---------- EXTRACTED ENTRIES ----------

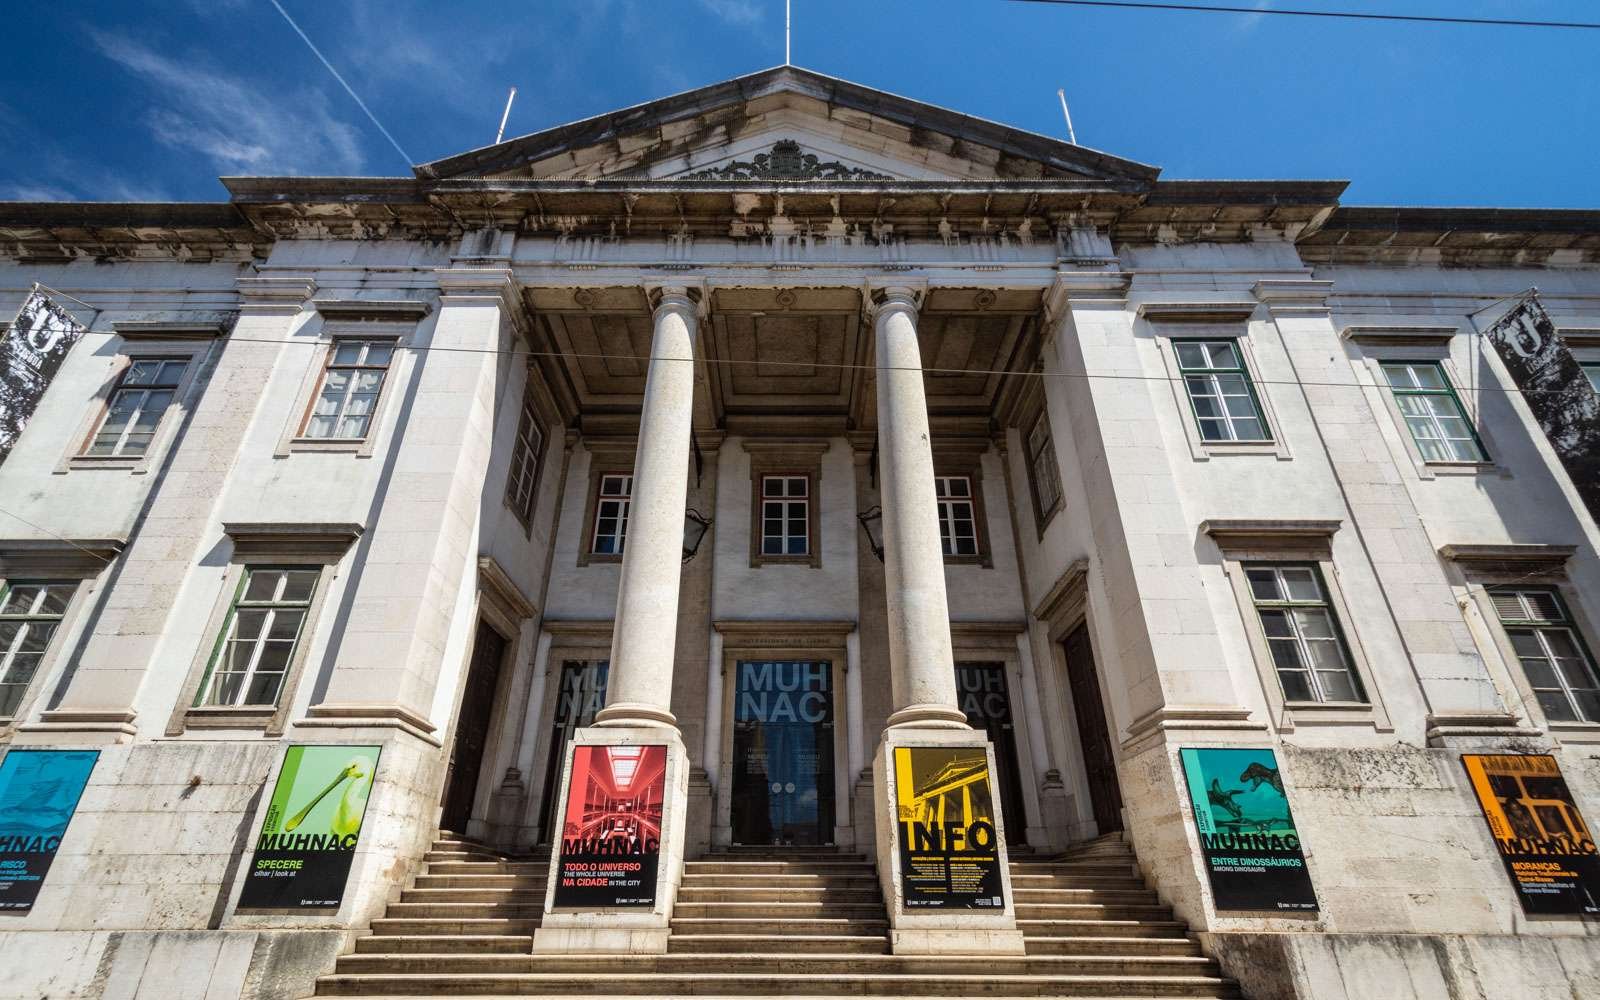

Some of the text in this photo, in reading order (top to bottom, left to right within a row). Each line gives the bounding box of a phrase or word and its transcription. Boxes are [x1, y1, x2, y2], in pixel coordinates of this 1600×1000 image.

[562, 667, 609, 691] MU
[743, 663, 827, 691] MUH
[955, 668, 1005, 692] UH
[559, 692, 605, 718] NA
[741, 691, 826, 722] NAC
[963, 693, 1007, 718] AC
[0, 836, 60, 852] HNAC
[257, 834, 358, 850] MUHNAC
[899, 820, 996, 852] INFO
[1202, 833, 1300, 850] MUHNAC
[257, 860, 303, 869] SPECERE
[565, 863, 641, 871] TODO O UNIVERSO
[1212, 856, 1302, 867] ENTRE DINOSSÁURIOS
[563, 878, 575, 886] NA
[577, 878, 608, 886] CIDADE
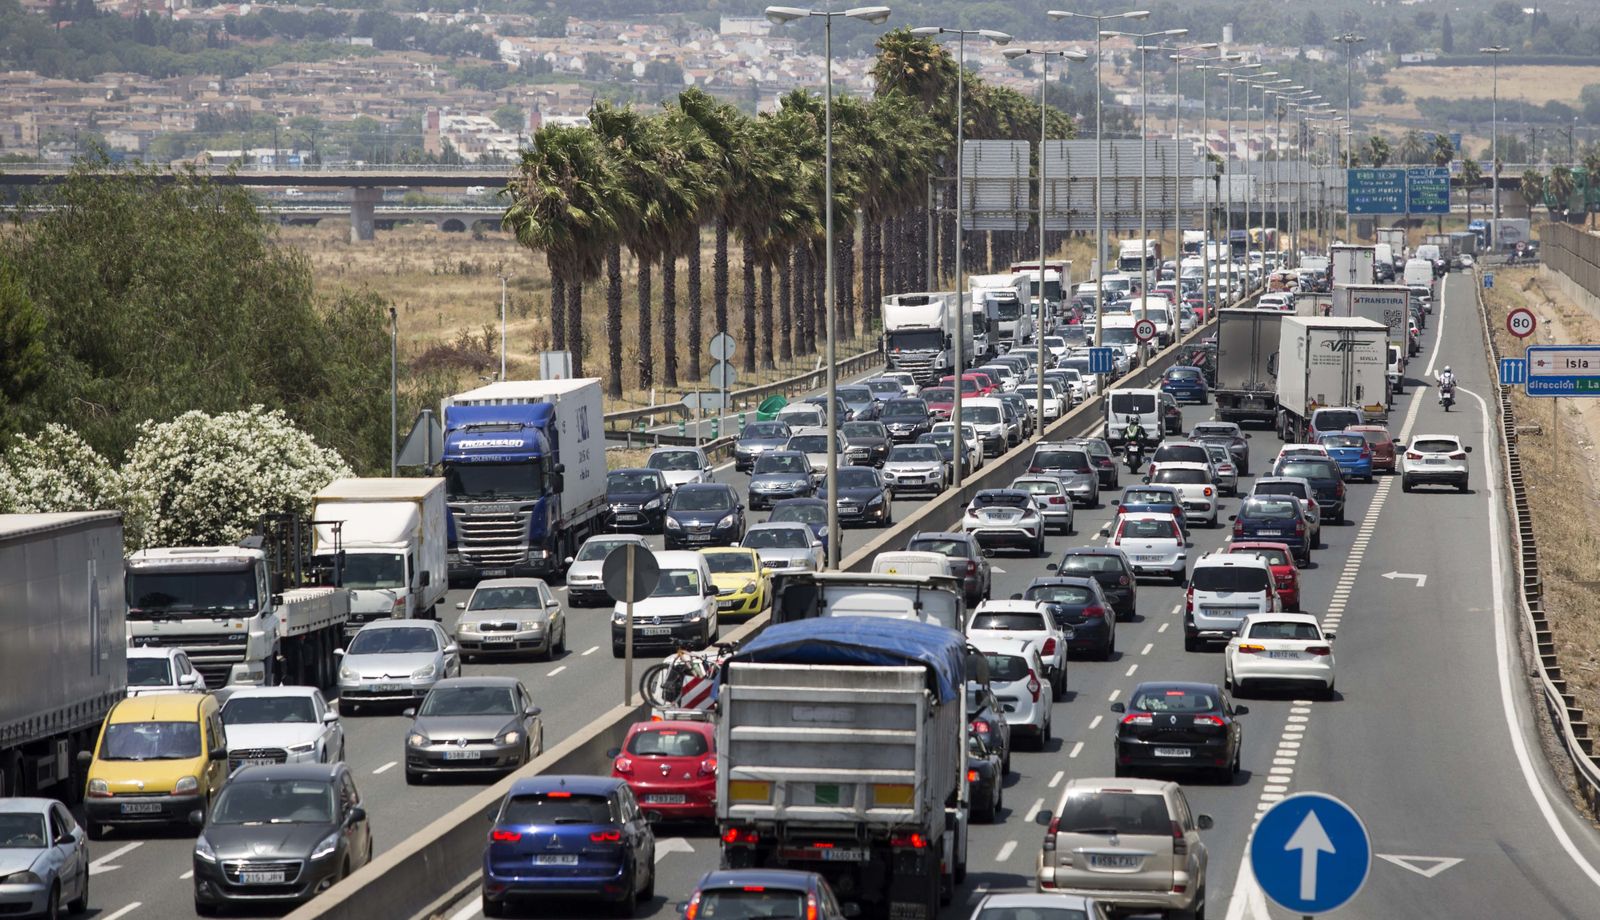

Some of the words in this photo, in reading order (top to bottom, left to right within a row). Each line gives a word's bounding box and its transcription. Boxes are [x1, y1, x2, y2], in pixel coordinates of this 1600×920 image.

[1513, 318, 1530, 328] 80
[1139, 326, 1151, 335] 80
[1566, 358, 1589, 368] Isla
[1529, 380, 1574, 389] dirección
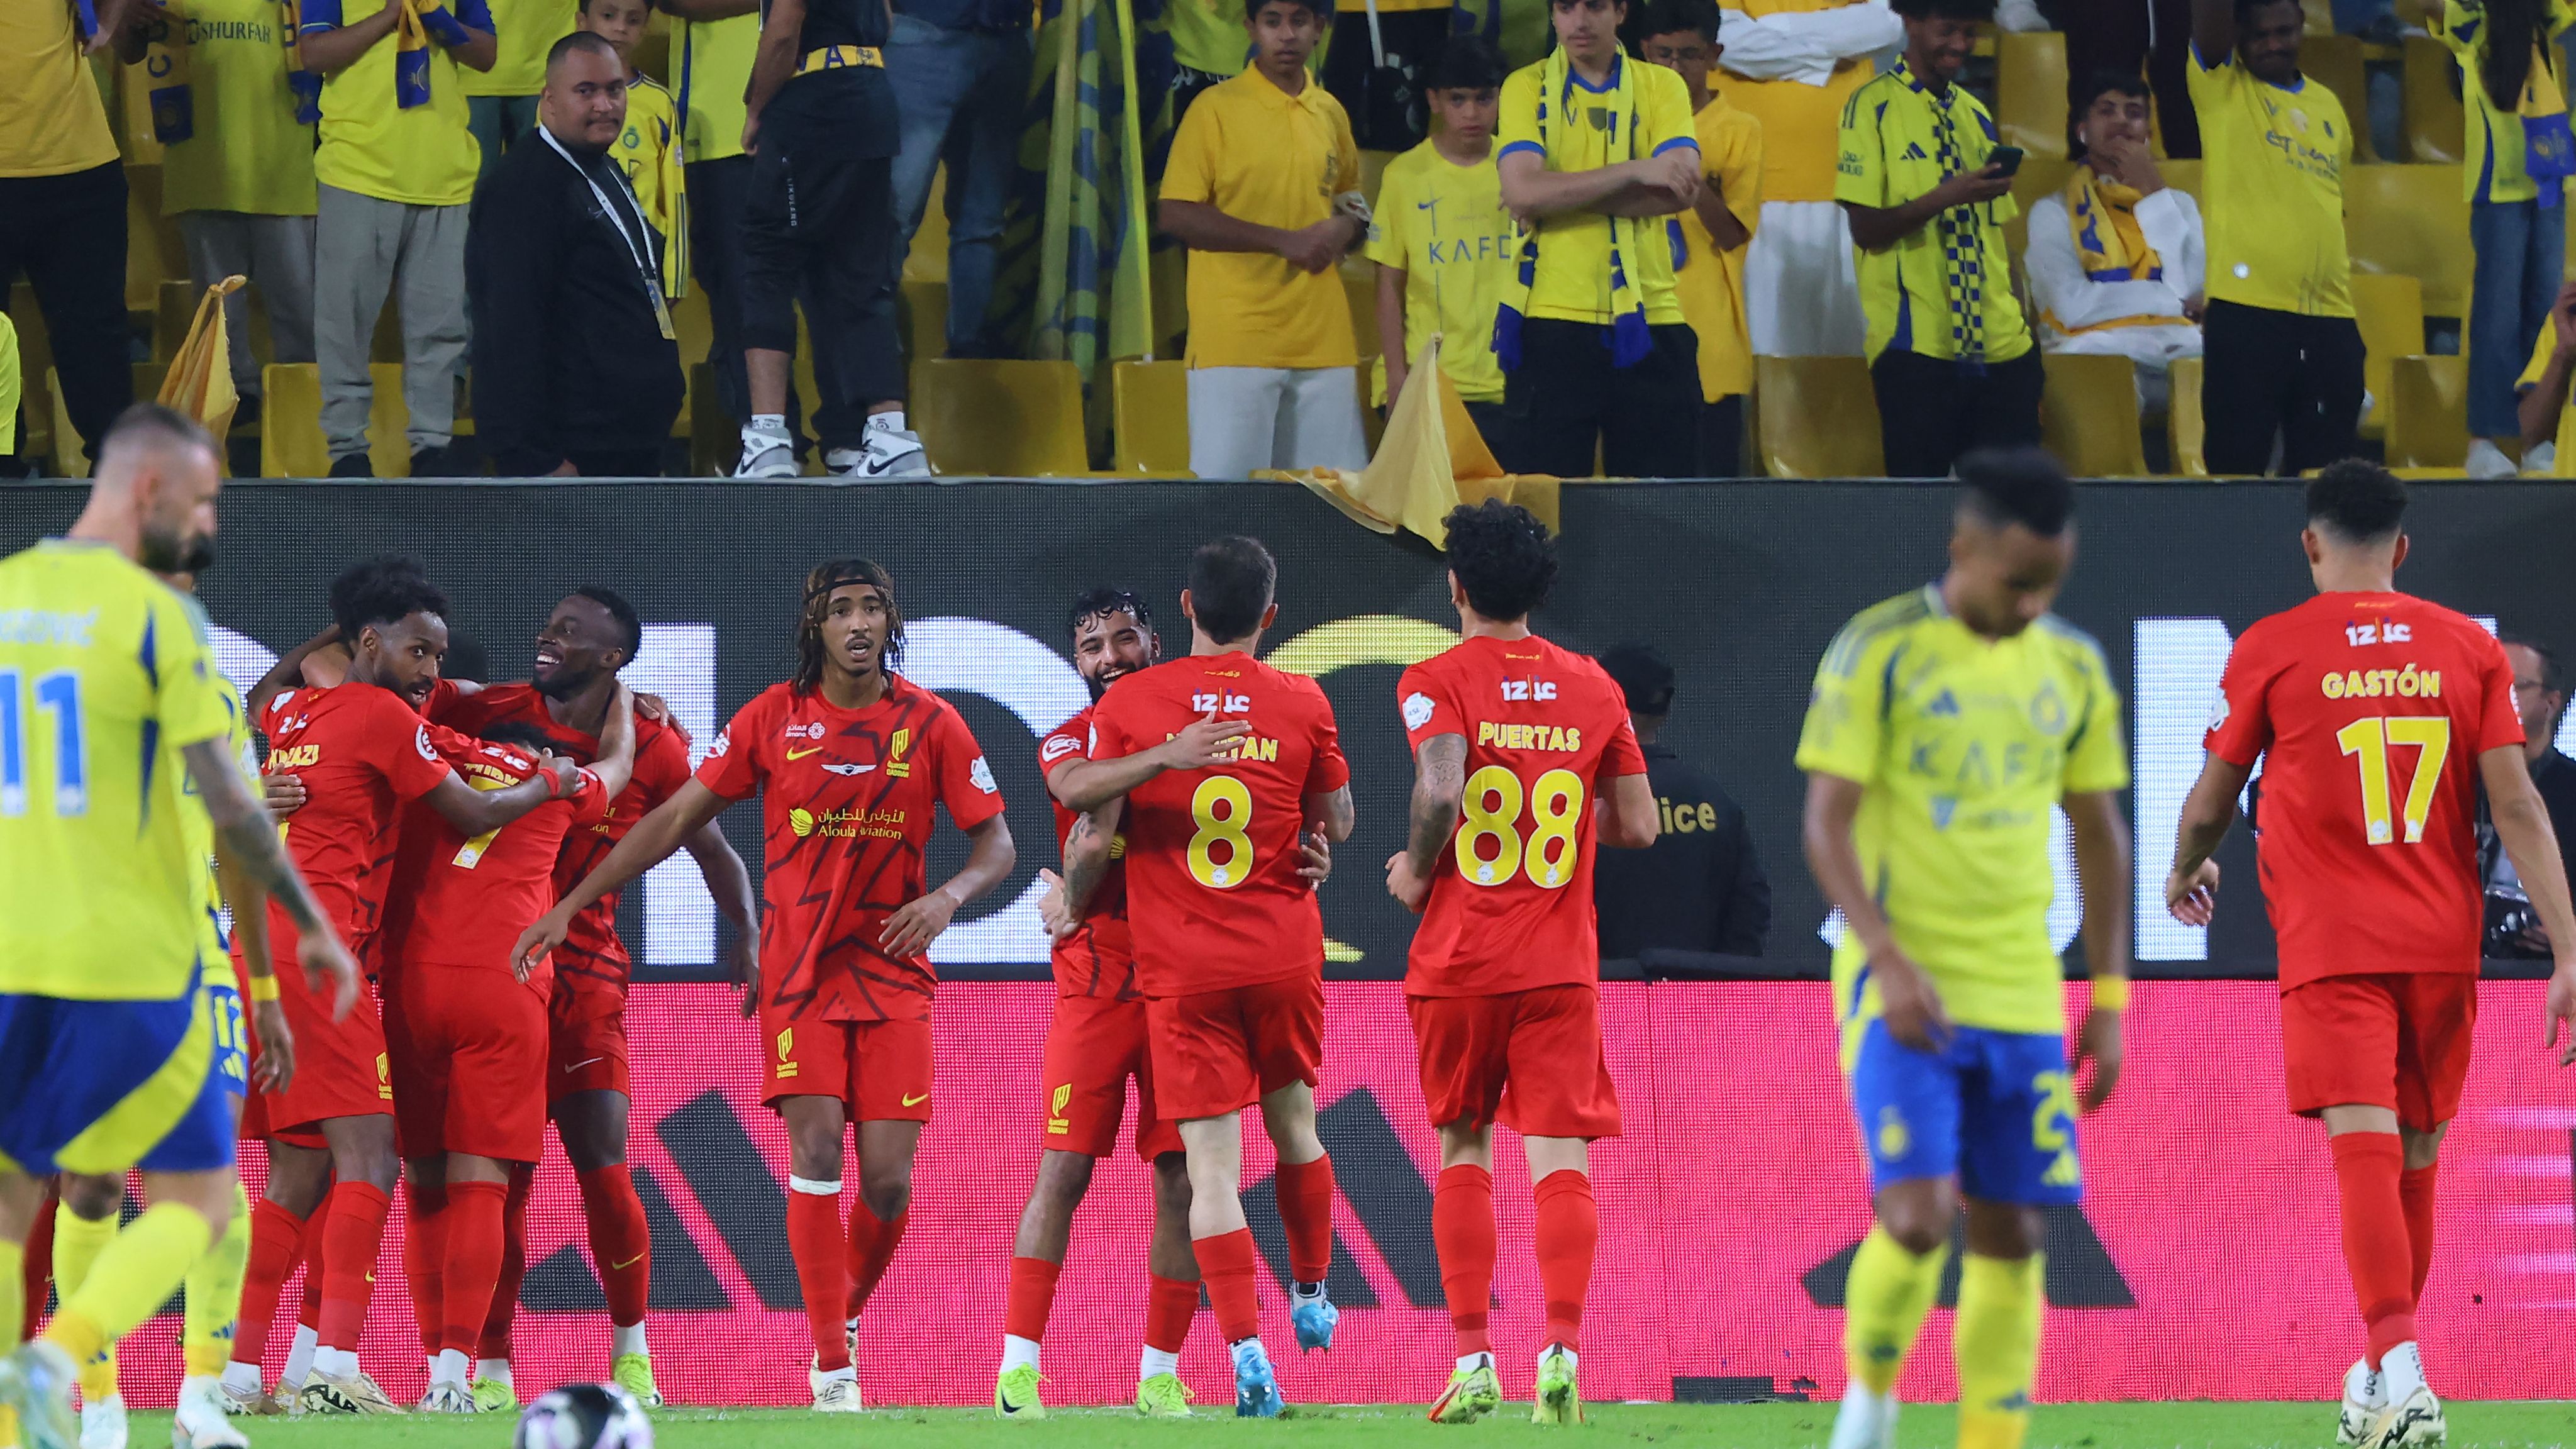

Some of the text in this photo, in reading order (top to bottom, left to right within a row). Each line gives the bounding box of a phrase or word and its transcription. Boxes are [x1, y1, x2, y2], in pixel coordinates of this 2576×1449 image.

[1478, 721, 1581, 752] PUERTAS
[2321, 662, 2441, 699] GASTÓN
[0, 669, 86, 814] 11
[2336, 716, 2450, 845] 17
[818, 825, 856, 837] Aloula
[1187, 775, 1253, 887] 8
[1455, 765, 1584, 889] 88

----------

YOUR ASSIGNMENT: Extract every line from the one with "this 2576×1449 image." down to the final line above, both included, exactly as written.

EXERCISE RESPONSE:
Some of the text in this photo, in reading order (top to bottom, left to right within a row). Each line gives the bounding box of a phrase or word and its transcription. Boxes are [x1, y1, x2, y2], in pixel coordinates of this 2576×1449 image.

[1478, 721, 1581, 752] PUERTAS
[2321, 662, 2441, 699] GASTÓN
[0, 669, 86, 814] 11
[2336, 716, 2450, 845] 17
[818, 825, 856, 837] Aloula
[1187, 775, 1253, 887] 8
[1455, 765, 1584, 889] 88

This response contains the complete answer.